─── PROVIDED INFORMATION

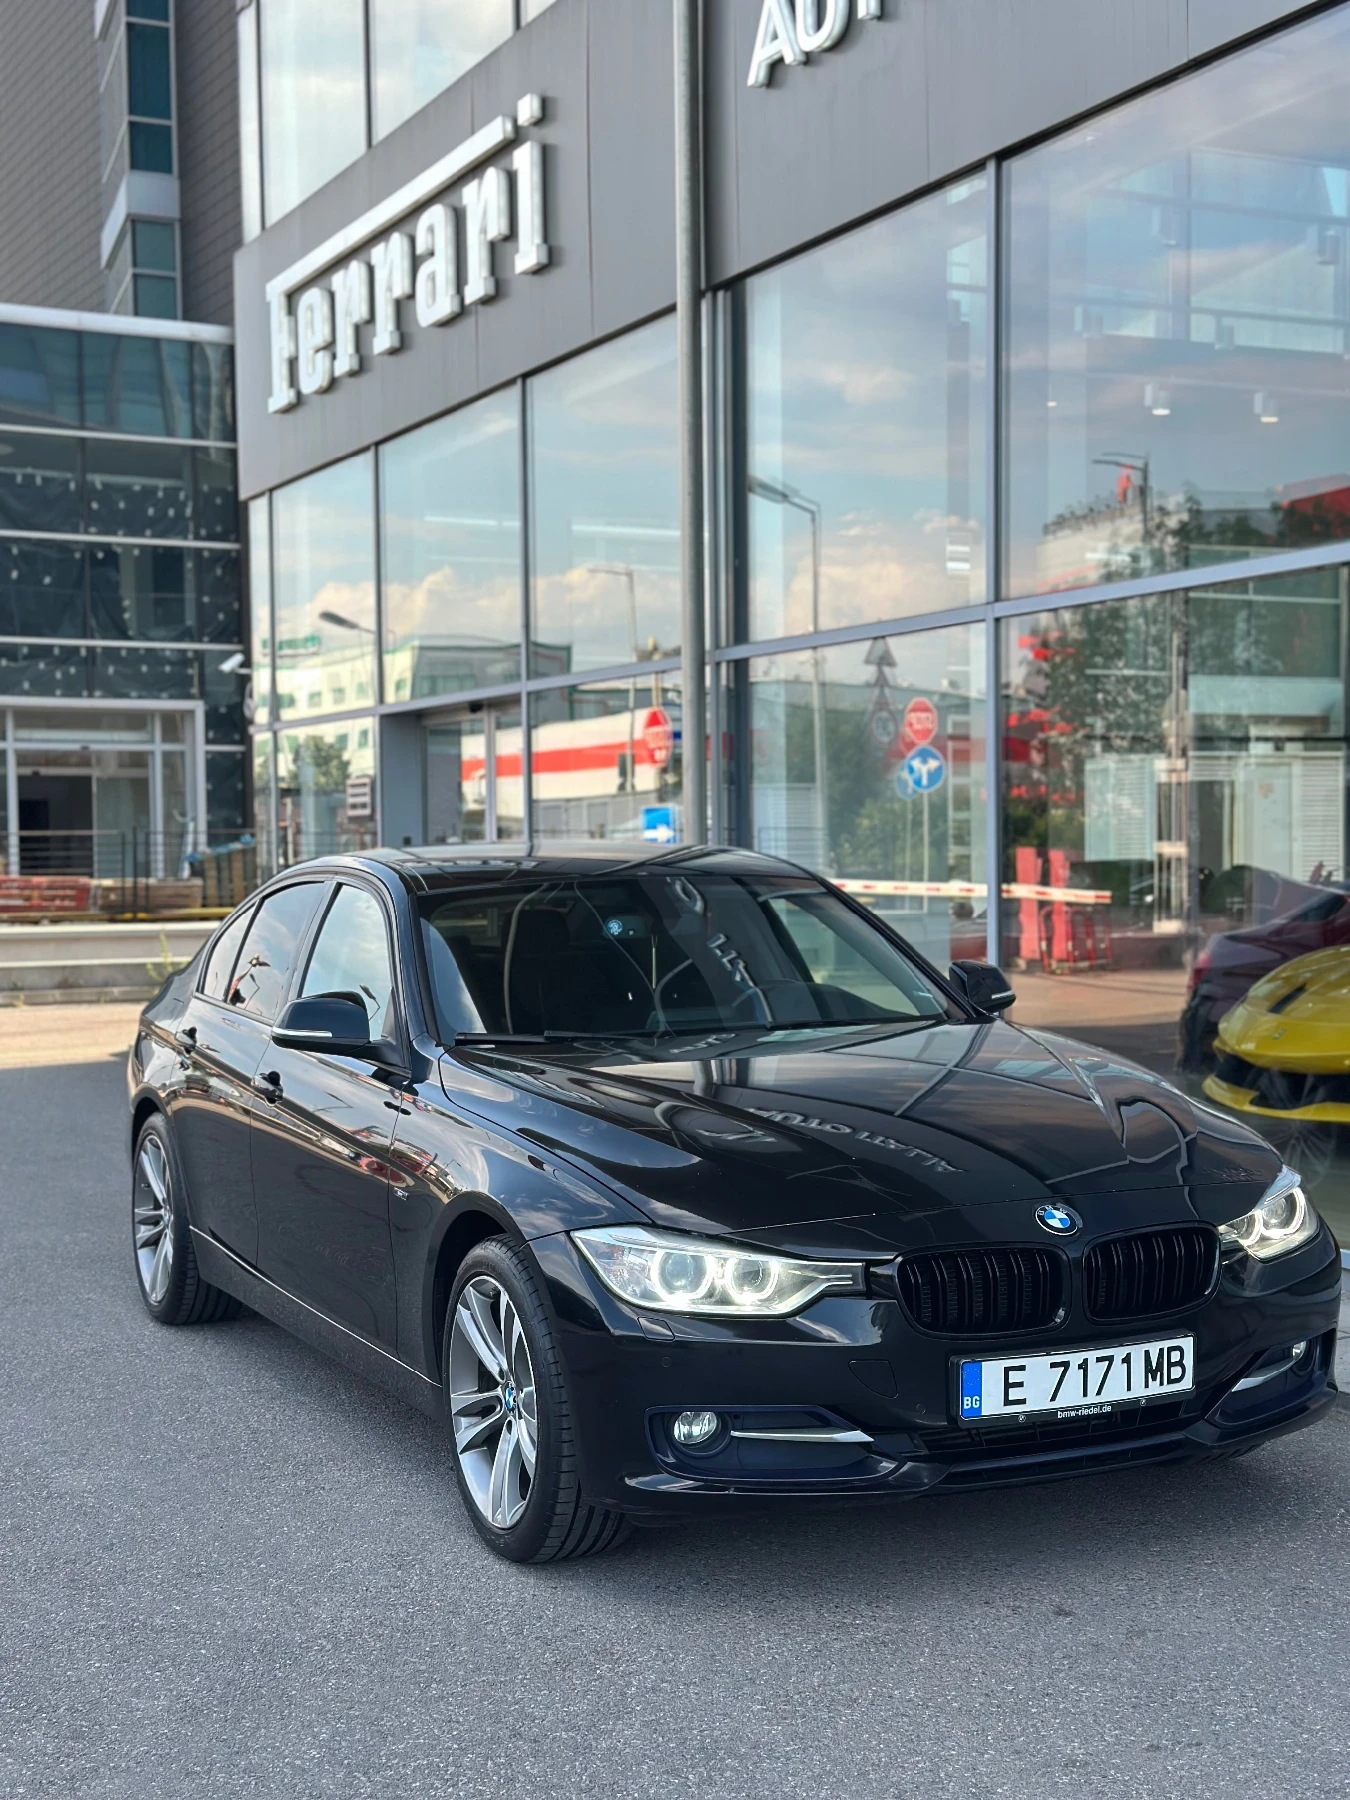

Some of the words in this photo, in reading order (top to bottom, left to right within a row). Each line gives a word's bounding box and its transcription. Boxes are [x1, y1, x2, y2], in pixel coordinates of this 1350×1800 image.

[265, 93, 549, 414] Ferrari
[1003, 1364, 1027, 1407] E
[963, 1395, 980, 1409] BG
[1057, 1404, 1112, 1419] bmw-riedel.de
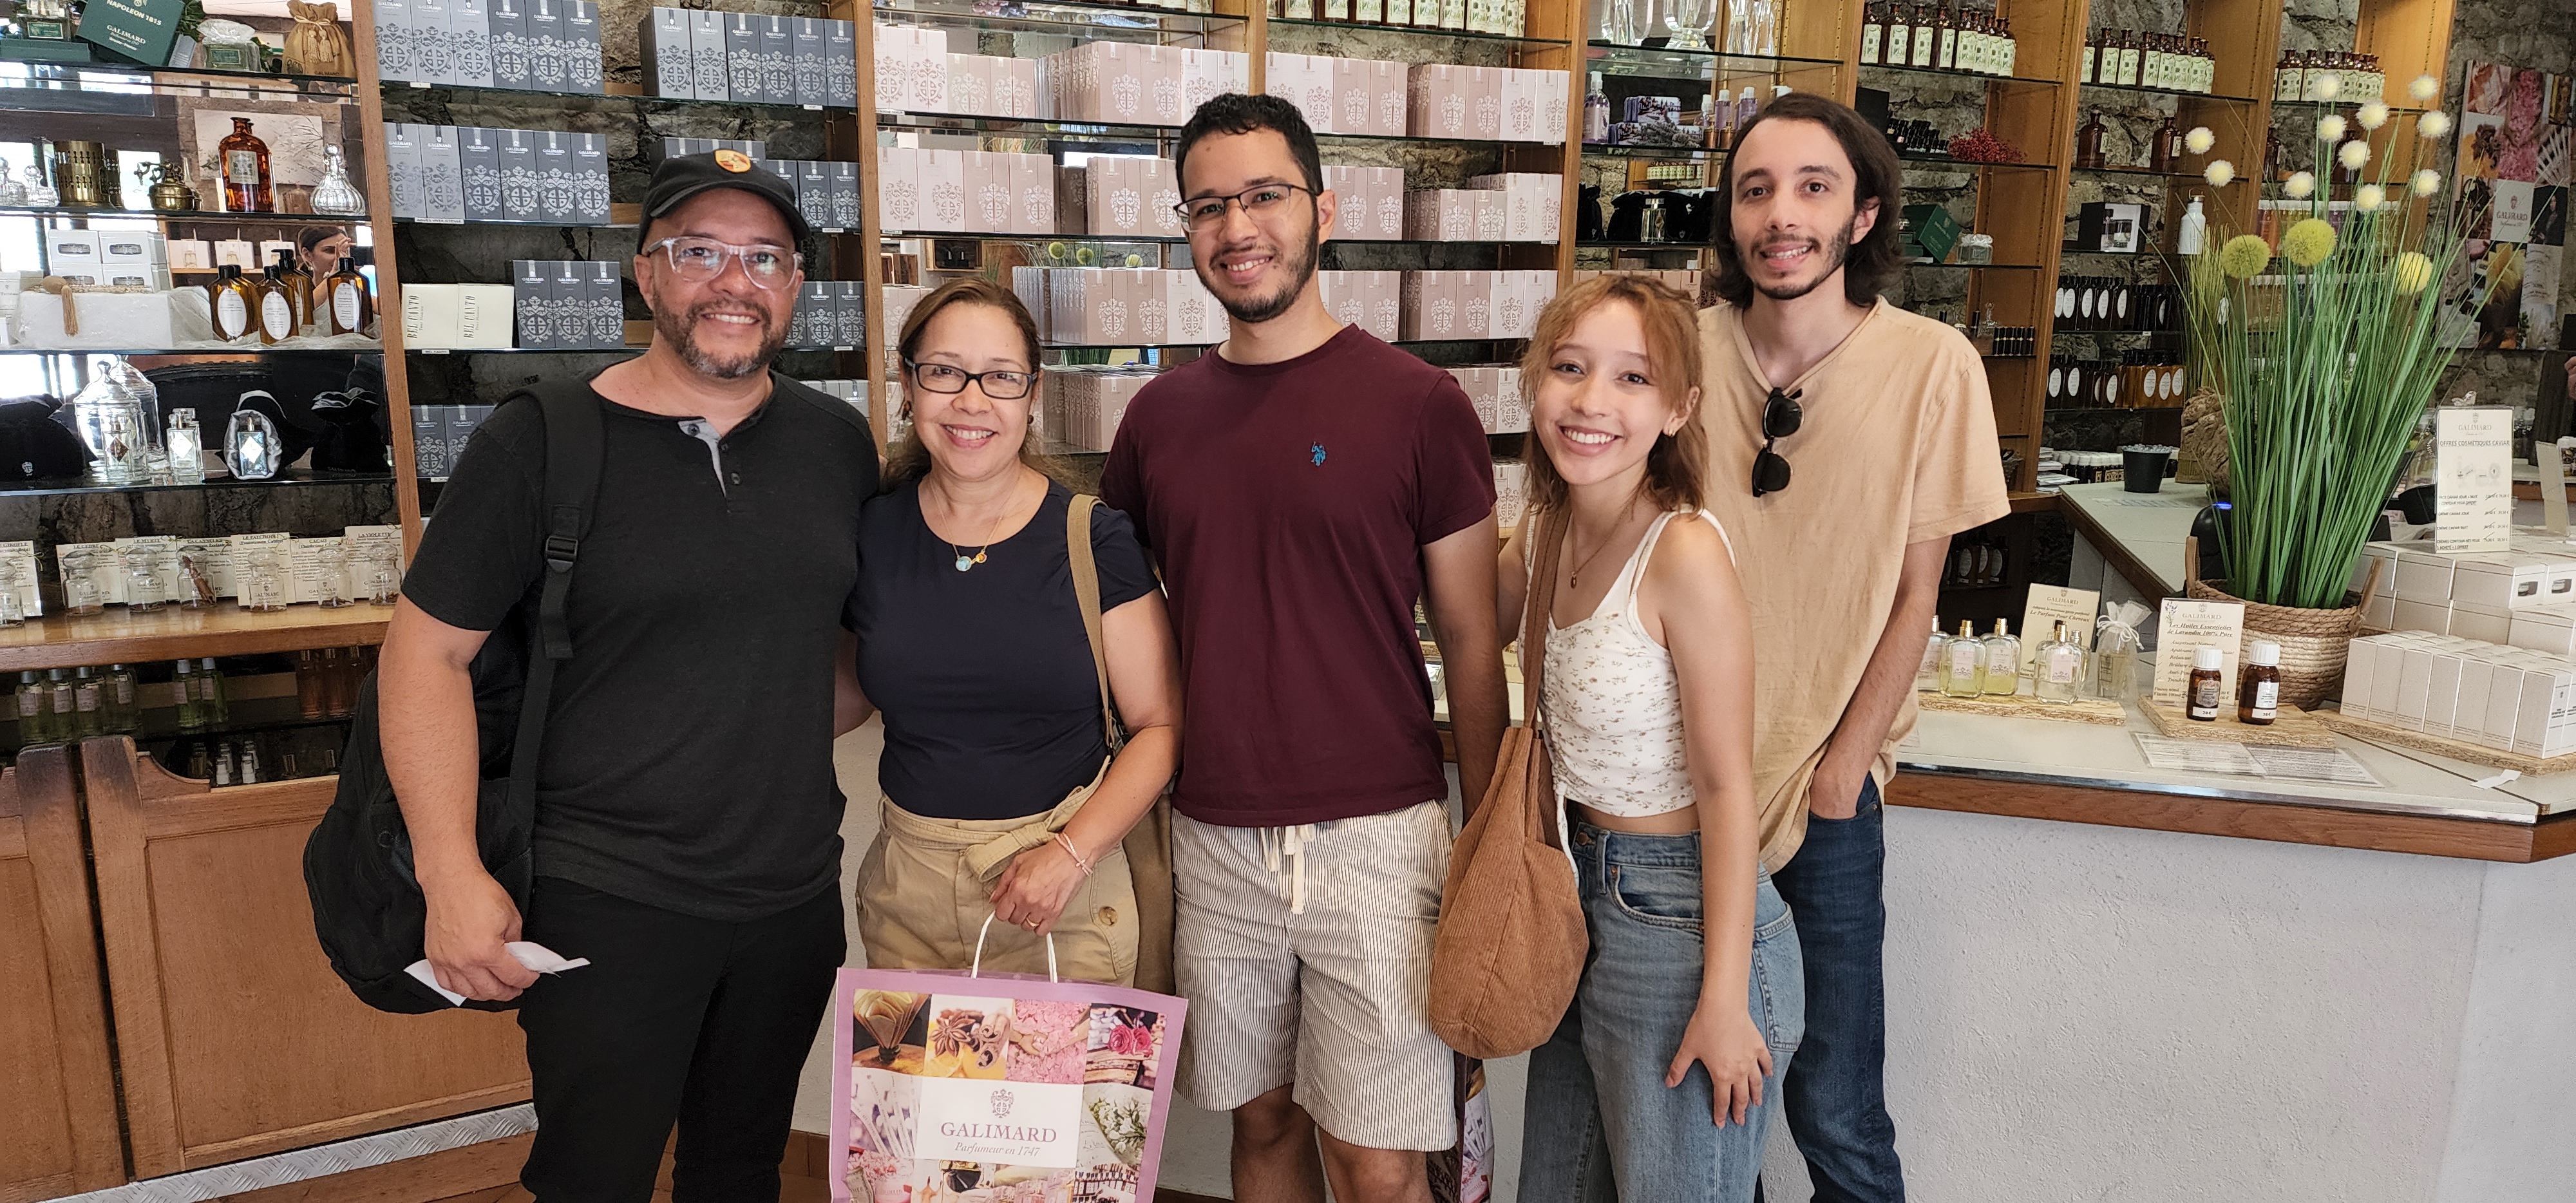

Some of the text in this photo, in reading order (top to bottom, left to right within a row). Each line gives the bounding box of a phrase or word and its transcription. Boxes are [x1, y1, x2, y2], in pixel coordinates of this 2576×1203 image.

──────

▸ ASSIGNMENT
Exclude the pictures and give back the rest of the data above exactly as written.

▸ ANSWER TO THE PROBLEM
Some of the words in this photo, in reading order (top to bottom, left to right within a row). Each line gives a word's bounding box and its transcription. Boxes are [x1, y1, x2, y2], in pixel coordinates of this 1350×1800 image.

[265, 93, 549, 414] Ferrari
[1003, 1364, 1027, 1407] E
[963, 1395, 980, 1409] BG
[1057, 1404, 1112, 1419] bmw-riedel.de

Some of the text in this photo, in reading order (top to bottom, left to right within a row). Each line gives the bounding box of a phrase or word and its transcription. Boxes are [x1, y1, x2, y2], in pixel coordinates of this 2576×1203 image.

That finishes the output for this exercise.